The Impact to the organization associated with VSP is expected to be the following:
1. Reduce mortality & morbidity from failure to rescue by improving timeliness of team response to
patient deterioration
2. Faster access to critical patient data with timely alerting to intercept and minimize risk of patient
deteriorations
3. Timely, safer, and more effective care
4. Better utilization of nursing time, rapid response teams
5. Decreased care costs with earlier intervention
6. Potential impact on pay for performance if failure to rescue is added to payer contracts; reduced
liability and reputational risk
7. Staff satisfaction, more time to spend on other patient care activities
Anticipated start date: October 1, 2017
Go Live: January 10, 2018
60 day check point: March 10, 2018
Checkpoint Data Analysis: April 10, 2018
Estimated 2 year tracking period and ongoing Resuscitation Committee reports.

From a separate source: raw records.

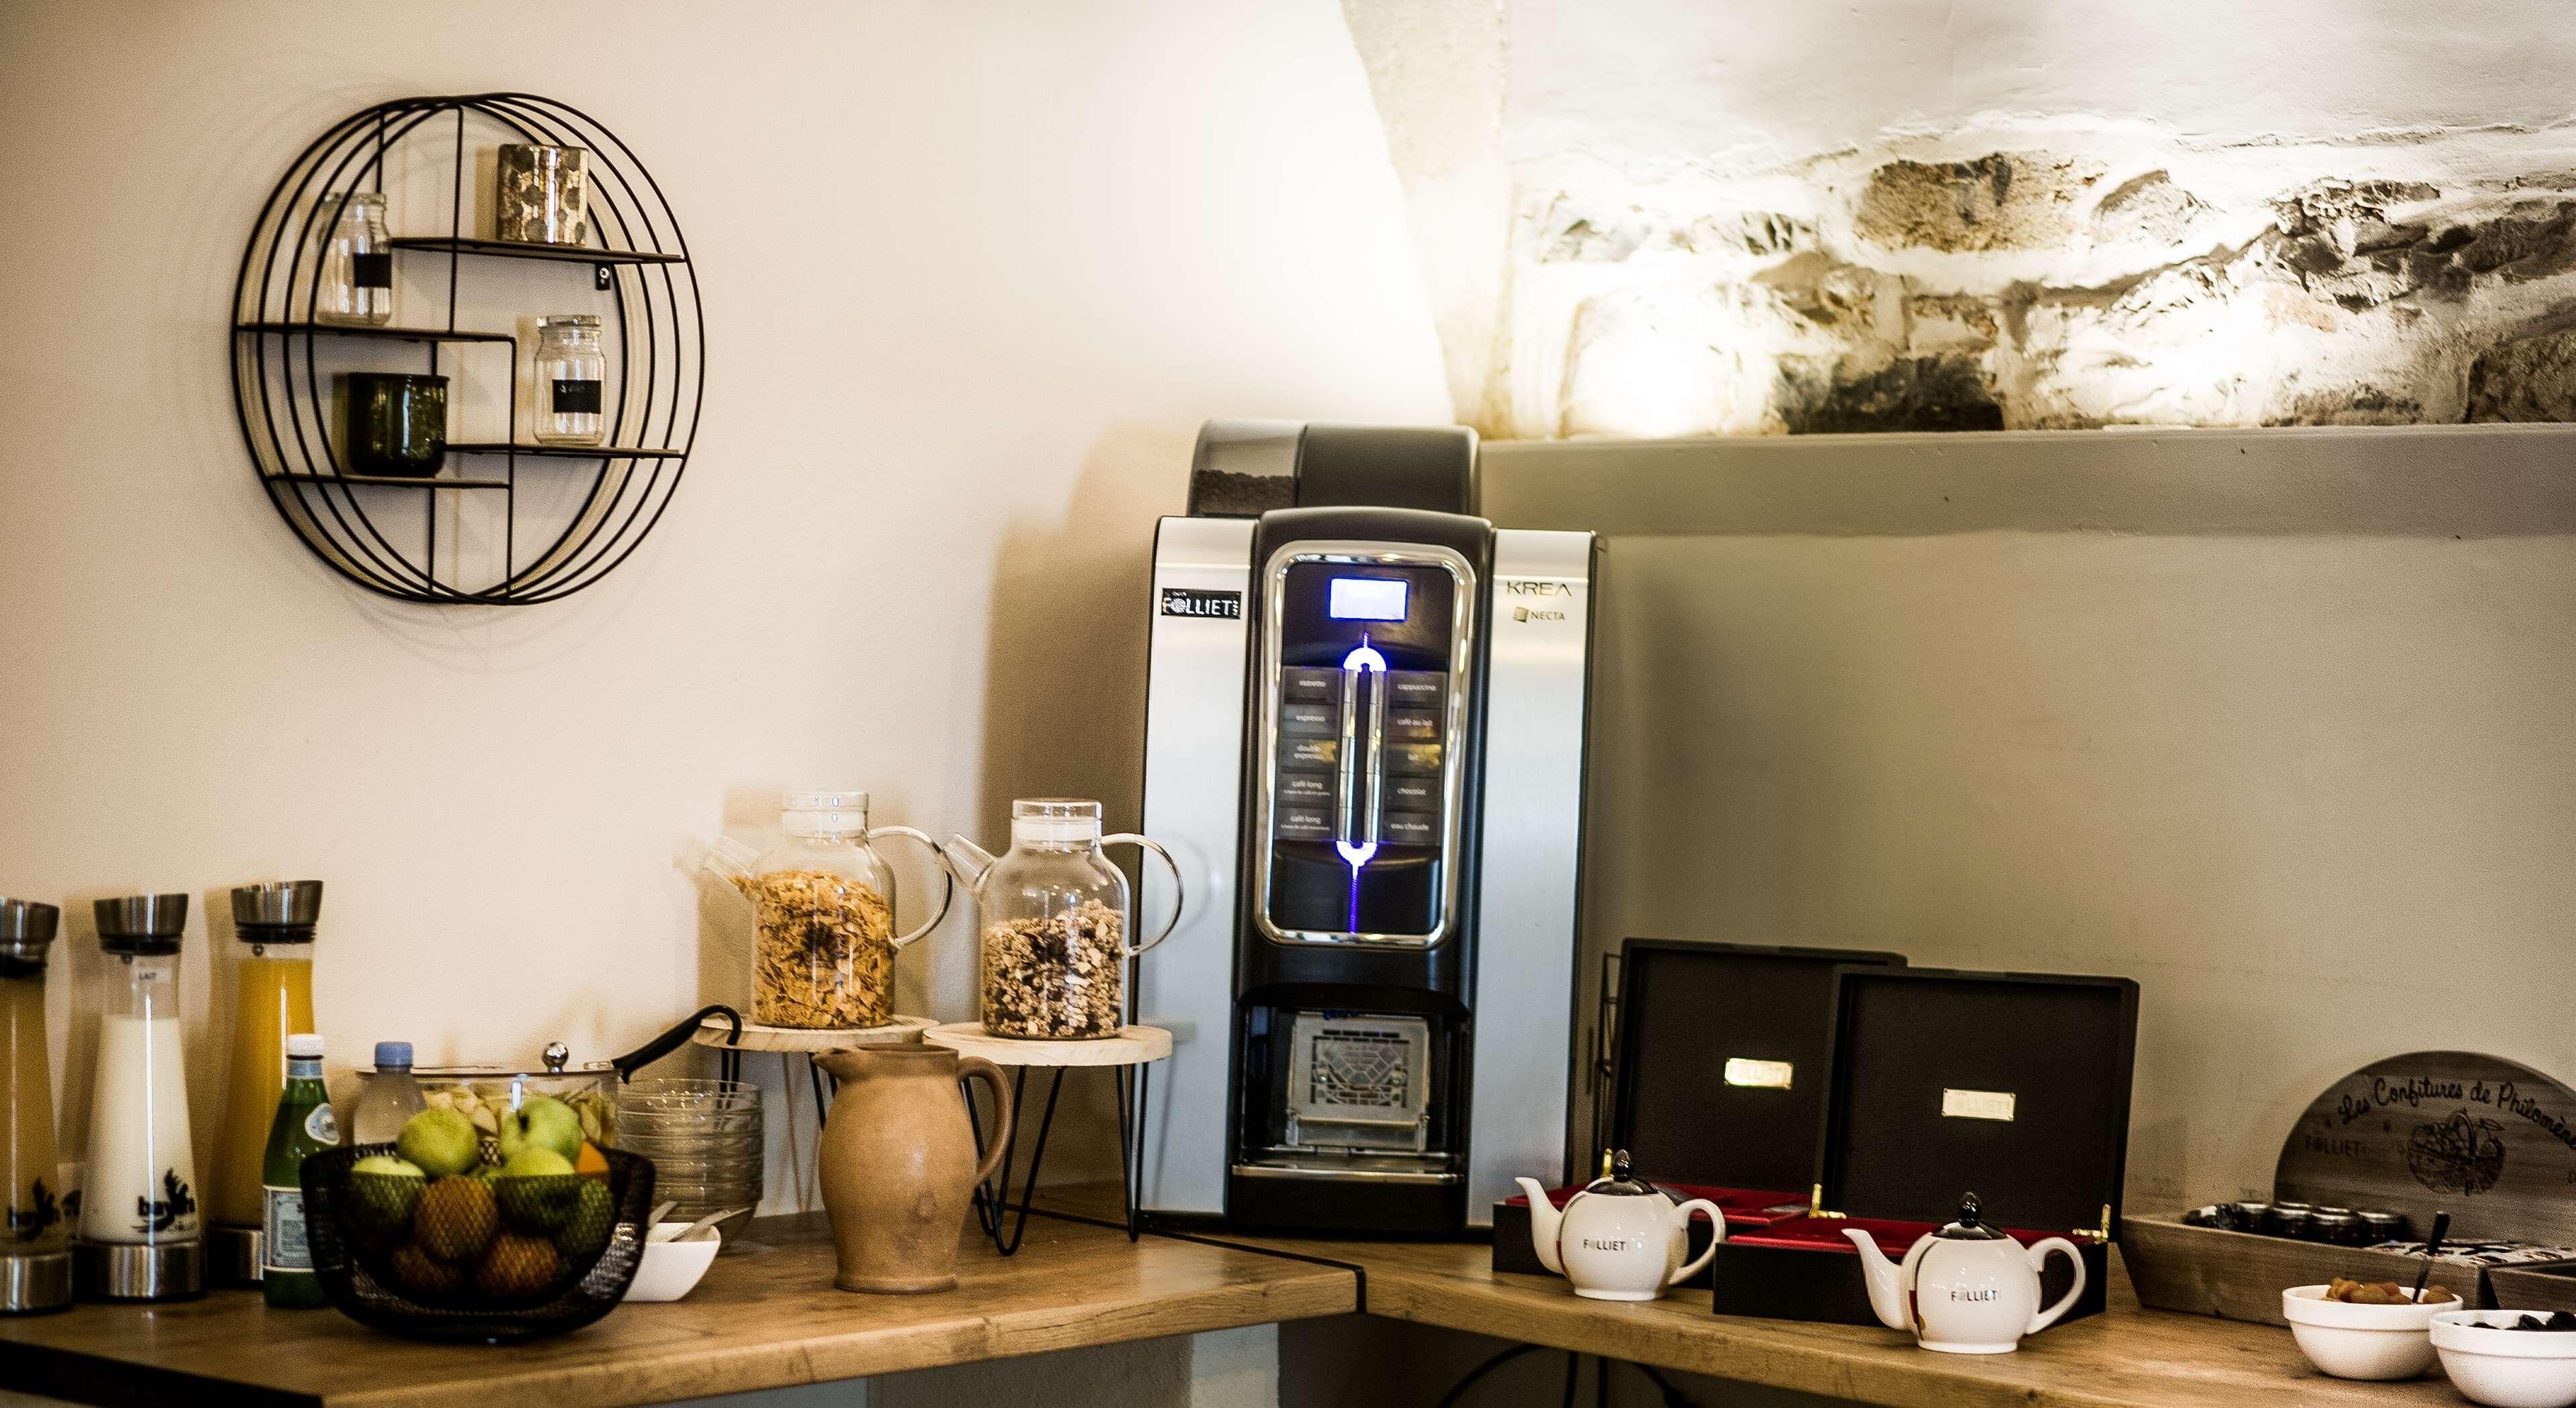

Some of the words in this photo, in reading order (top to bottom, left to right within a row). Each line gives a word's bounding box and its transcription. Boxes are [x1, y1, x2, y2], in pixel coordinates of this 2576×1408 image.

[1507, 581, 1572, 597] KREA
[1162, 597, 1233, 615] FOLLIET
[1531, 611, 1565, 620] NECTA
[1397, 684, 1437, 692] cappuccino
[2337, 1093, 2371, 1125] Les
[2373, 1076, 2463, 1107] Confitures
[2469, 1080, 2491, 1105] de

Regularly scheduled progress reports will be generated and distributed to the steering committee.
Time savings for direct care staff, increased clinician satisfaction, decreased opportunity for data errors (e.g.,
transposing numbers, entering information on wrong patient) and increase in staff productivity.

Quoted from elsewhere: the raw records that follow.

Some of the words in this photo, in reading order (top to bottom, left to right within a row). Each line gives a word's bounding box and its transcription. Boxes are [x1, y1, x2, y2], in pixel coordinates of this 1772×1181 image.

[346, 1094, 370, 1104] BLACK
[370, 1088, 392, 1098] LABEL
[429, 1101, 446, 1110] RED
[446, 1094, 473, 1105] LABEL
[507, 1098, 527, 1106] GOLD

Long-term payback potential (past-60 analysis period): Decrease in patient length of stay (LOS), decrease in
patient mortality, increase in safety of care provided, decrease in readmissions, increase in patient experience,
increase in effectiveness of care, increase in timeliness of care, increased time for effective decision support
regarding patient condition, decrease in failure to rescue, decrease in sepsis, decrease in unplanned returns to
intensive care unit (ICU), decrease in code blue activations, increase in rapid responses, decrease in sentinel
events, decrease in medication errors related to weight measurements, and many more statistically significant
measures.
Anticipated Changes: The immediate improvement will be perceptible through clinician, staff, and patient
satisfaction and improved patient care.